As the story continues, we find Muslims (with the approval of Muhammad) pretending to be friends with Ka'b, until he trusts them. Once he trusts them, they brutally stab him to death. (They also chop off his head and bring it to Muhammad.)
What does this mean? It means that Muhammad allowed his followers to pretend to be friendly towards an enemy in an effort to win the enemy's trust, so that Muslims could successfully kill that enemy.
A similar event occurred during the Battle of the Trench. Nu'aym b. Mas'ud was from the tribes allied against Muhammad, but he converted to Islam. When he came to Muhammad, he was told: "You are only one man among us, so go and awake distrust among the enemy to draw them off us if you can, for war is deceit." Nu'aym then pretended to be loyal to the tribes allied against Muhammad, and he used their trust to turn them against one another.
None of this is surprising, of course. In the Hadith, we read:
Sahih al-Bukhari 3029--Allah's Messenger named: "War: Deceit."
Sahih al-Bukhari 3030--The Prophet said: "War is deceit."
In Sahih Muslim 6303, we read that Muslims are permitted to lie for several reasons: "in battle, for bringing reconciliation amongst persons and the narration of the words of the husband to his wife, and the narration of the words of a wife to her husband (in a twisted form in order to bring reconciliation between them)."
Here Abdullah may object by pointing out that Hasan took an oath to protect America. But oaths are easily broken in Islam:
Sahih al-Bukhari 5518--Muhammad said: "By Allah, and if Allah will, if I take an oath and later find something else better than that, then I do what is better and expiate my oath."

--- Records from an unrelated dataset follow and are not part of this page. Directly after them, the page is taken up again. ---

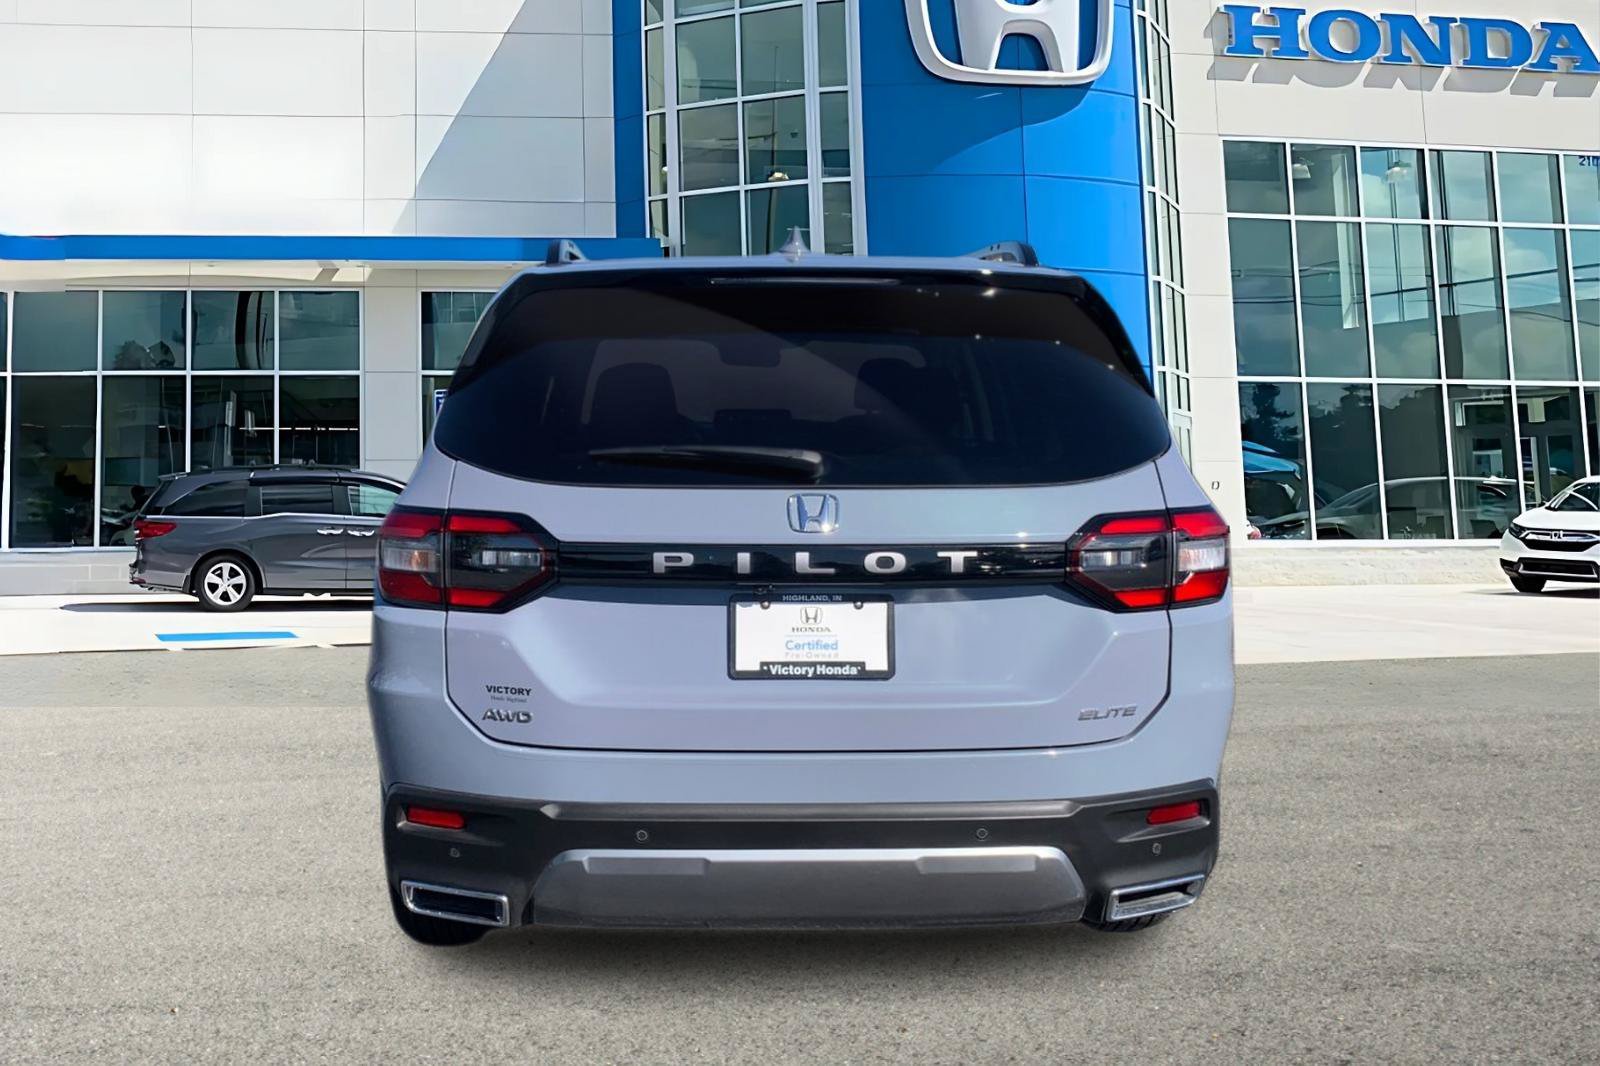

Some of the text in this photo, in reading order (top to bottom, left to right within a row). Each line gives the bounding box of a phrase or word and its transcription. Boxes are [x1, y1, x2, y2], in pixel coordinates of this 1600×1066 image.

[1222, 4, 1600, 73] HONDA
[652, 551, 979, 574] PILOT
[785, 639, 839, 651] Certified
[769, 664, 858, 677] Victory Honda
[485, 685, 532, 696] VICTORY
[482, 708, 532, 723] AWD
[1078, 705, 1138, 721] ELITE

What does all of this mean? The only way for Abdullah to pretend that Islam condemns the Fort Hood Massacre was to claim that Islam would not allow a Muslim to lie in order to infiltrate an enemy camp. But in making this claim, Abdullah has condemned Muhammad and the early Muslim community!
Abdullah's comments are simply indefensible. He obviously defended the Fort Hood Massacre and specifically said that he supports attacks against military targets. Now he claims that he said no such thing, and this is clearly an attempt to deceive us. Perhaps this is why he's employing new tactics in his effort to avoid accountability. His latest tactic is to threaten "Legal Jihad," for he states, "David Wood accused me of supporting Terrorism (something my Legal counsel has advised of his culpability on)."
So he's talking to his lawyer about my culpability! He's also threatened to blacklist me from future events with MDI (as if I'd ever give in to threats like this) if I don't back off. Well, Abdullah obviously defended the Fort Hood Massacre, which means that I'm only guilty of telling the truth. And I suppose this blog post gives a good indication of my thoughts on his demand that I back off or risk blacklisting.
I'll conclude with some advice to Abdullah.
(1) Be careful of what you say, for you might regret it later.
(2) If you say something embarrassing, admit it, apologize, and move on.
(3) Don't try to reinterpret your own words in order to deceive people about your obvious meaning.
(4) When someone points out something you've said, don't threaten them.
(5) Don't attack people that you're supposedly trying to reconcile with.
(6) Don't use your own misunderstandings of Christian scripture to attack Christians to whom you should be apologizing.